Foto: Folha de São Paulo
Em entrevista ao MyNews, governador de Minas Gerais rejeita perfil legislativo, promete unir a direita e reforça o combate ao petismo como motor de sua trajetória política
O governador de Minas Gerais, Romeu Zema (Novo), descartou qualquer possibilidade de disputar uma vaga no Senado Federal. Dessa forma, ele confirmou a manutenção de sua pré-candidatura à Presidência da República. Durante entrevista à rádio MyNews VIP FM, o gestor mineiro rechaçou rumores sobre uma mudança de rota estratégica. Além disso, ele garantiu que seu nome estará nas urnas para o Palácio do Planalto. Zema justificou essa escolha porque considera sua trajetória voltada para o Poder Executivo.
Perfil de gestão prática
Ao abordar seu projeto nacional, Zema enfatizou que seu histórico empresarial o credencia para resolver problemas práticos de administração. Por isso, ele rejeita a atuação parlamentar. O governador relembrou seu trabalho na iniciativa privada para fundamentar sua aptidão ao comando do país. Nesse sentido, ele argumentou que o Brasil precisa de gestores focados em entregas concretas. Consequentemente, ele apontou seus dois mandatos em Minas Gerais como a principal prova de sua capacidade de liderança.
Rejeição ao Legislativo
“Não há essa possibilidade, até porque eu não tenho perfil de legislativo. A minha vida toda, eu presidi uma empresa, fiz ela crescer. E a minha vida sempre foi colocar a mão na massa. Eu deixo essa nobríssima missão para aqueles que têm mais esse perfil de ficar lá debatendo, de ficar lá avaliando propostas. Eu sou aquela pessoa que faz acontecer”, declarou Zema ao responder sobre o Senado.
Oposição declarada ao PT
No campo ideológico, Zema manteve um tom incisivo de oposição ao Partido dos Trabalhadores (PT). Ele se posicionou, assim, como uma das principais vozes do antipetismo no país. Durante a conversa, ele relembrou a crise em Minas Gerais quando assumiu o Estado em 2019. O governador atribuiu os problemas fiscais mineiros às administrações petistas anteriores.
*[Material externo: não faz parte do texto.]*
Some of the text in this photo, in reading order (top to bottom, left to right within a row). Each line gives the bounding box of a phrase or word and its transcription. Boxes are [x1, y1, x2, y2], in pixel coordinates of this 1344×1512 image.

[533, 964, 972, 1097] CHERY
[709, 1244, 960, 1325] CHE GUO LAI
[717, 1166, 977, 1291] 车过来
Por causa disso, ele reforçou que o combate a esse modelo de governo virou o pilar de sua atuação pública.
União no segundo turno
Por fim, Zema minimizou as divisões no campo da direita durante o primeiro turno eleitoral. O governador defendeu que a diversidade de nomes conservadores e liberais mostra a força do grupo. Em contrapartida, ele criticou a esquerda por depender de poucas lideranças. Portanto, o pré-candidato do Novo projetou a união das forças de centro e de direita no segundo turno. Além disso, ele demonstrou otimismo na decisão tardia do eleitor para subir nas pesquisas.